↓↓↓

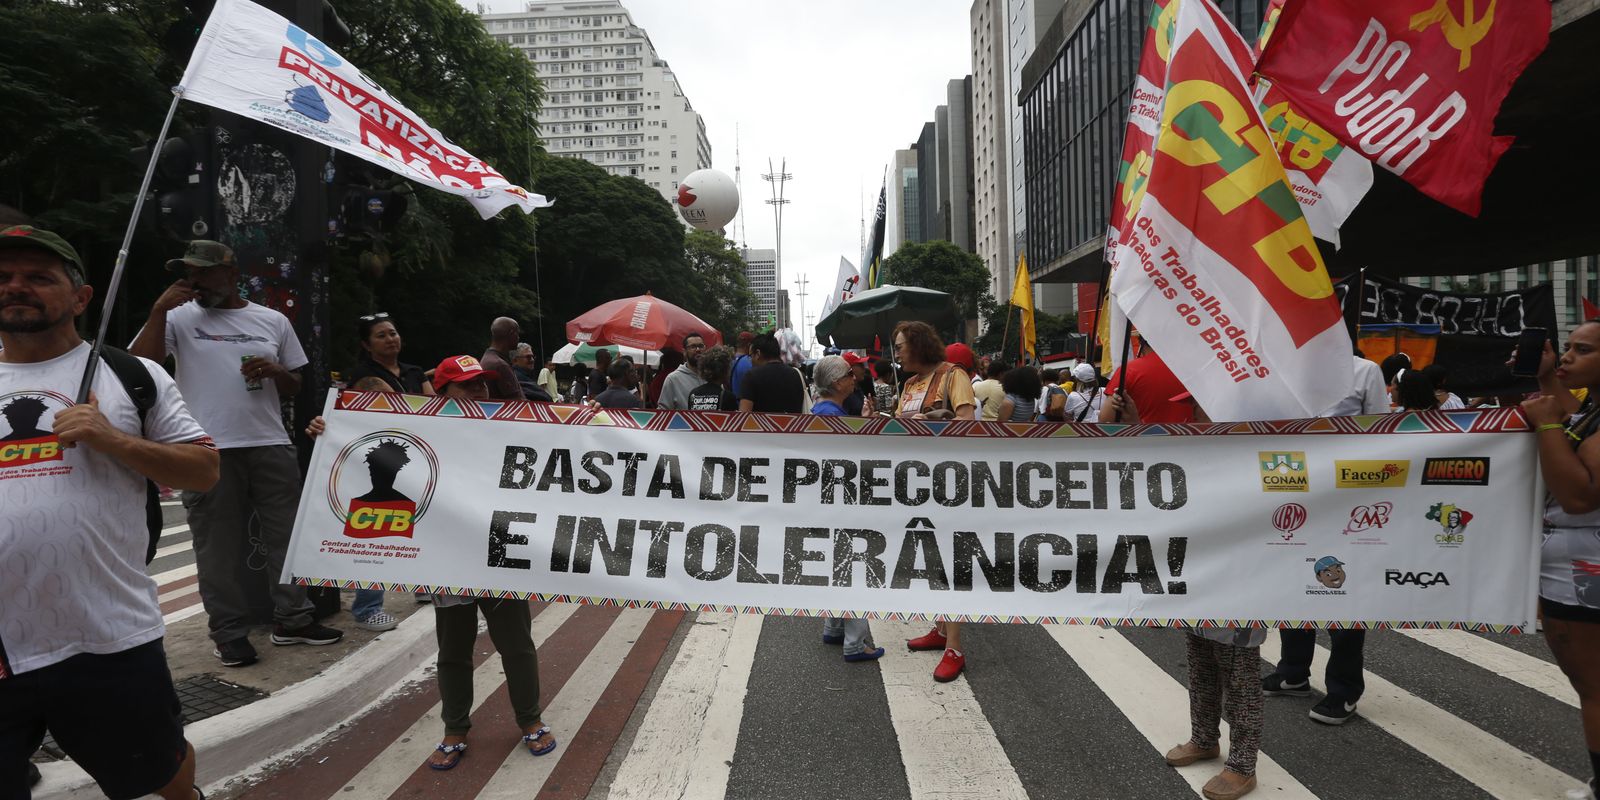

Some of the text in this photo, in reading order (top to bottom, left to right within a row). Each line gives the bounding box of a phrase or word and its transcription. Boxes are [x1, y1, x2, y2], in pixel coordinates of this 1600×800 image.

[1137, 215, 1270, 379] dos Trabalhadores
[1176, 301, 1201, 327] do
[1199, 326, 1251, 384] Brasil
[0, 441, 59, 462] CTB
[21, 465, 73, 474] Trabalhadores
[498, 445, 1188, 510] BASTA DE PRECONCEITO
[1341, 468, 1391, 483] Facesp
[1427, 460, 1485, 480] UNEGRO
[1263, 475, 1308, 485] CONAM
[350, 506, 412, 532] CTB
[321, 540, 421, 553] Central dos Trabalhadores
[328, 547, 382, 557] Trabalhadoras
[487, 510, 1188, 595] E INTOLERÂNCIA!
[1385, 571, 1451, 590] RAÇA

↑↑↑

» About this task
Transcribe all the lines above exactly, apart from the pictures.

» Result of the exercise
Some of the text in this photo, in reading order (top to bottom, left to right within a row). Each line gives the bounding box of a phrase or word and its transcription. Boxes are [x1, y1, x2, y2], in pixel coordinates of this 1600×800 image.

[1137, 215, 1270, 379] dos Trabalhadores
[1176, 301, 1201, 327] do
[1199, 326, 1251, 384] Brasil
[0, 441, 59, 462] CTB
[21, 465, 73, 474] Trabalhadores
[498, 445, 1188, 510] BASTA DE PRECONCEITO
[1341, 468, 1391, 483] Facesp
[1427, 460, 1485, 480] UNEGRO
[1263, 475, 1308, 485] CONAM
[350, 506, 412, 532] CTB
[321, 540, 421, 553] Central dos Trabalhadores
[328, 547, 382, 557] Trabalhadoras
[487, 510, 1188, 595] E INTOLERÂNCIA!
[1385, 571, 1451, 590] RAÇA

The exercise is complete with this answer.